*** Opening Exercise materials ***

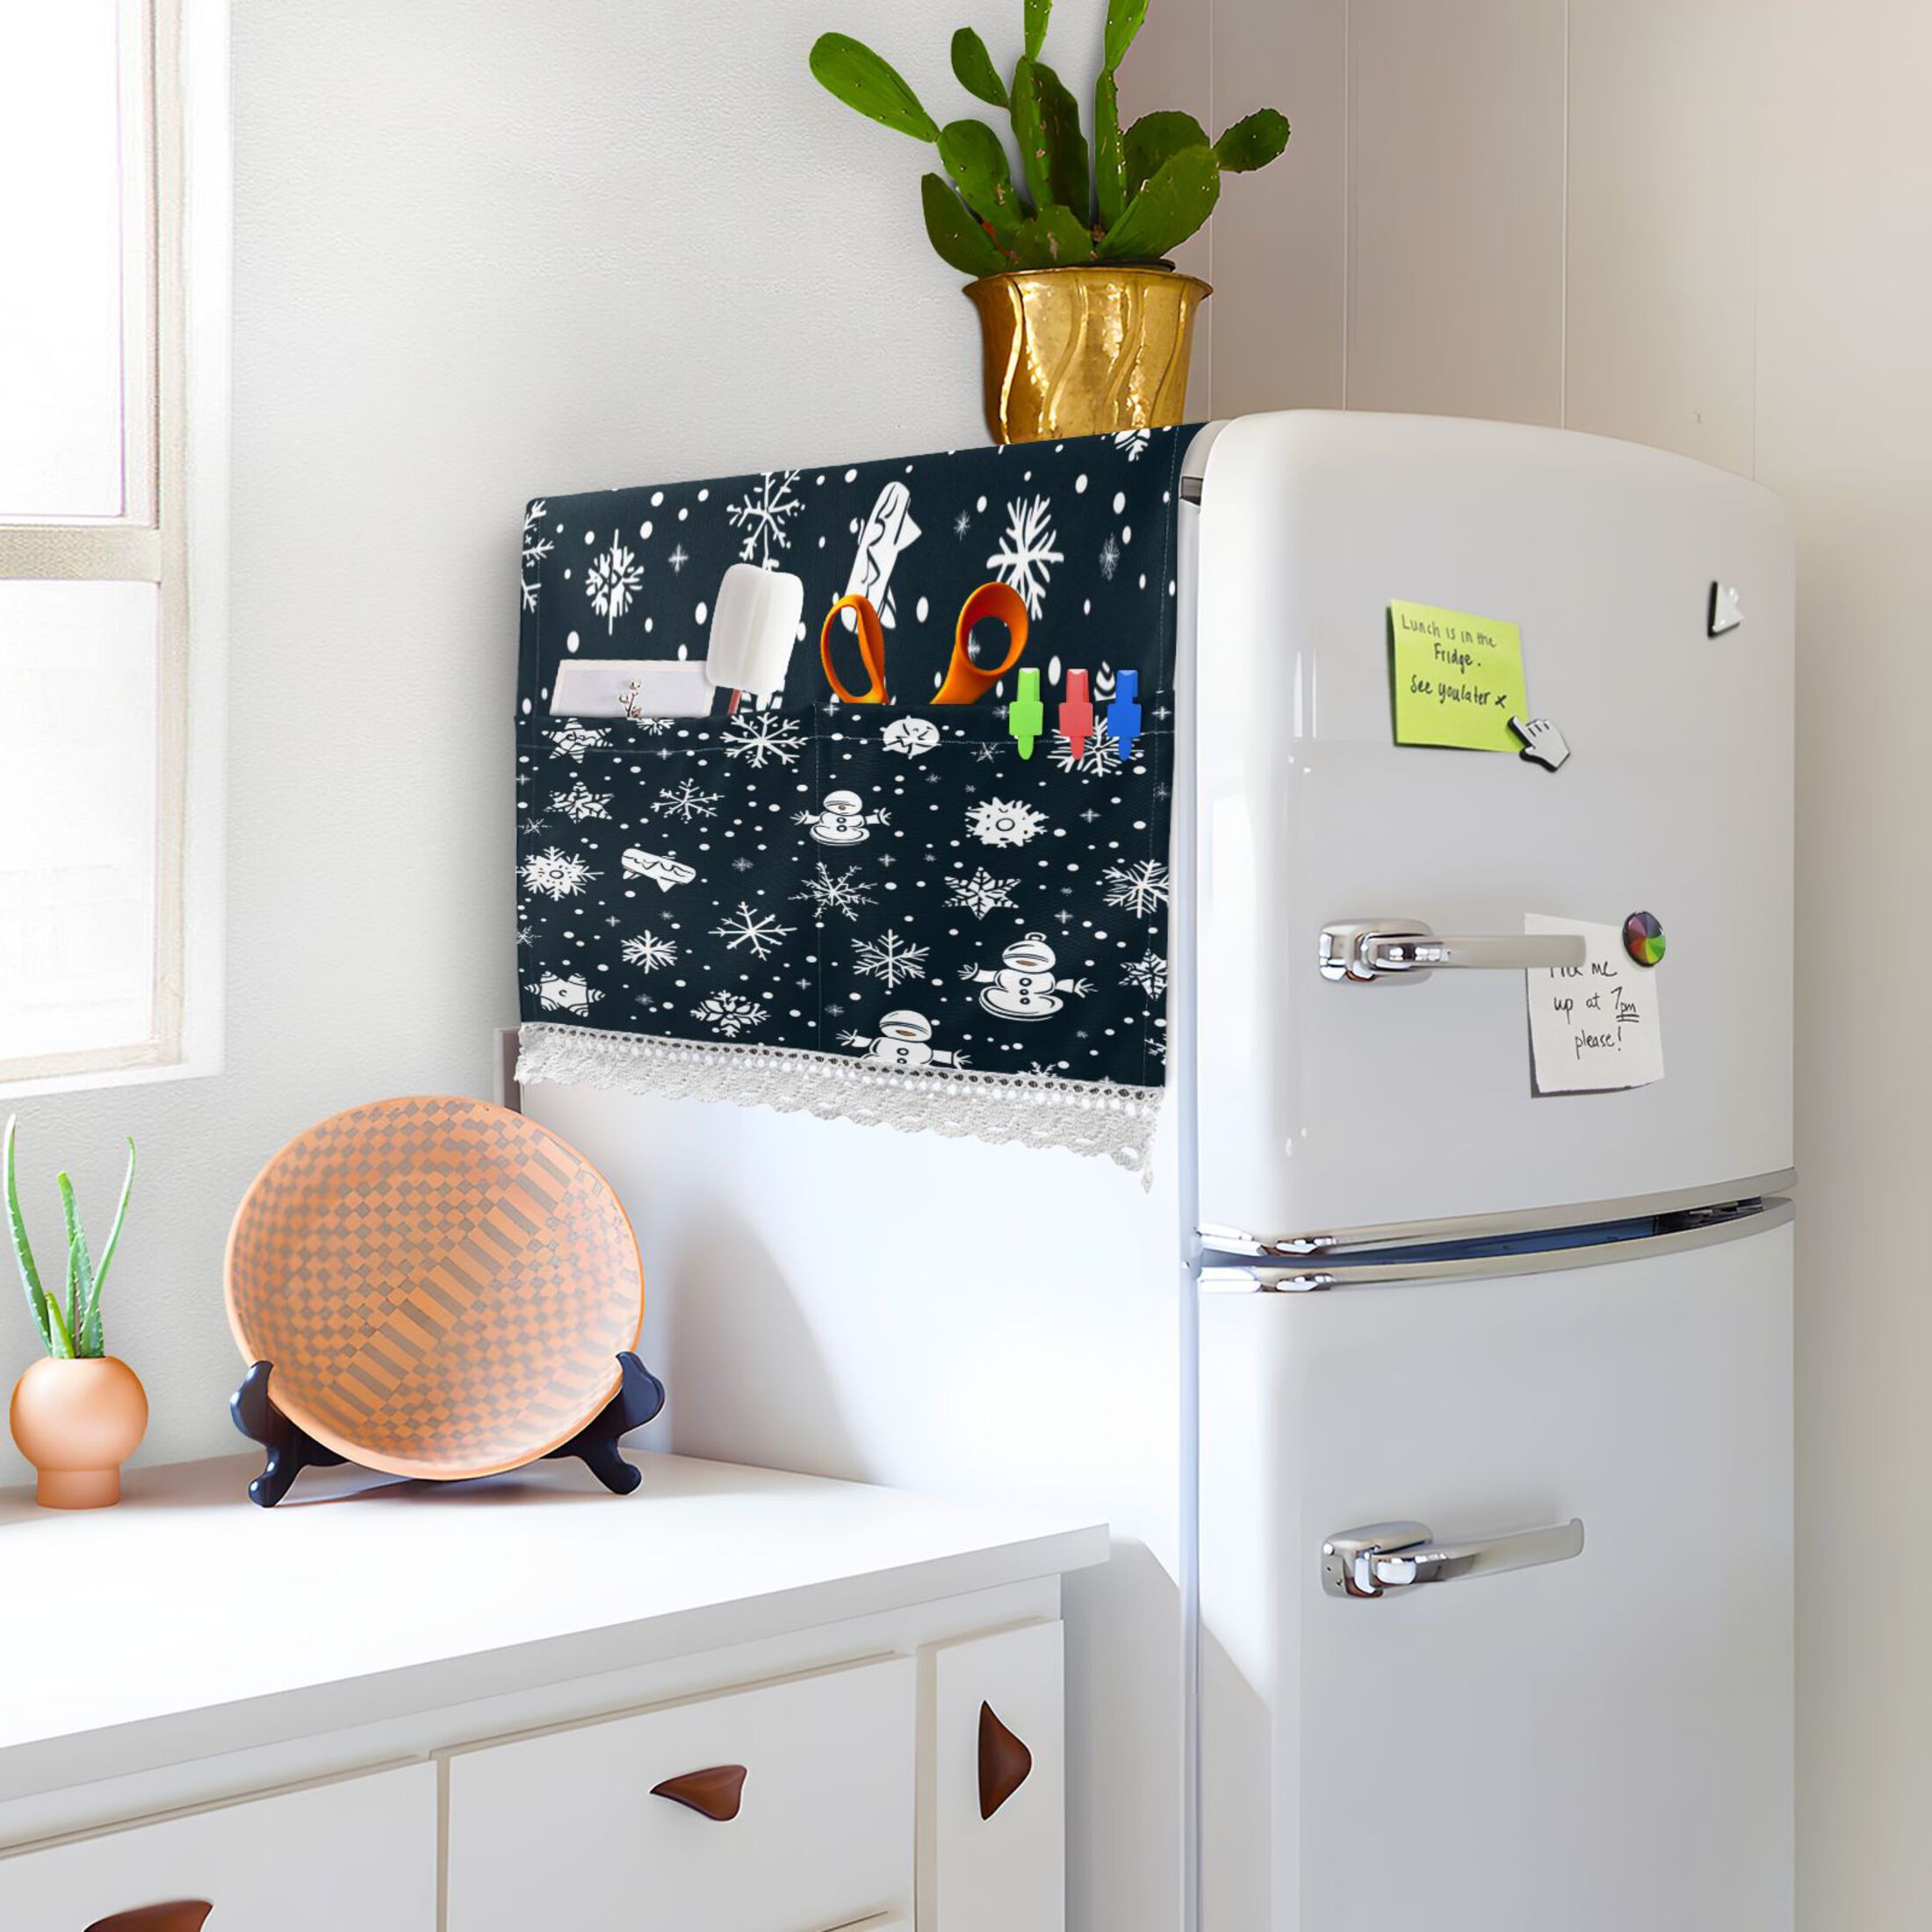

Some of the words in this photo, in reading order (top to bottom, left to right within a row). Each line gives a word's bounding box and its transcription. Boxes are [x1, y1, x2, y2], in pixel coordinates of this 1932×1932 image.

[1402, 614, 1441, 638] Lunch
[1445, 627, 1455, 640] is
[1460, 631, 1473, 643] in
[1410, 674, 1433, 695] See
[1591, 961, 1618, 977] me
[1554, 997, 1574, 1025] up
[1586, 991, 1601, 1010] at
[1611, 986, 1638, 1021] 7pm
[1575, 1027, 1621, 1060] please!

*** Closing Exercise materials ***

Assigned task: Without the pictures, give every line above again exactly.

Solution below:
Some of the words in this photo, in reading order (top to bottom, left to right within a row). Each line gives a word's bounding box and its transcription. Boxes are [x1, y1, x2, y2], in pixel coordinates of this 1932×1932 image.

[1402, 614, 1441, 638] Lunch
[1445, 627, 1455, 640] is
[1460, 631, 1473, 643] in
[1410, 674, 1433, 695] See
[1591, 961, 1618, 977] me
[1554, 997, 1574, 1025] up
[1586, 991, 1601, 1010] at
[1611, 986, 1638, 1021] 7pm
[1575, 1027, 1621, 1060] please!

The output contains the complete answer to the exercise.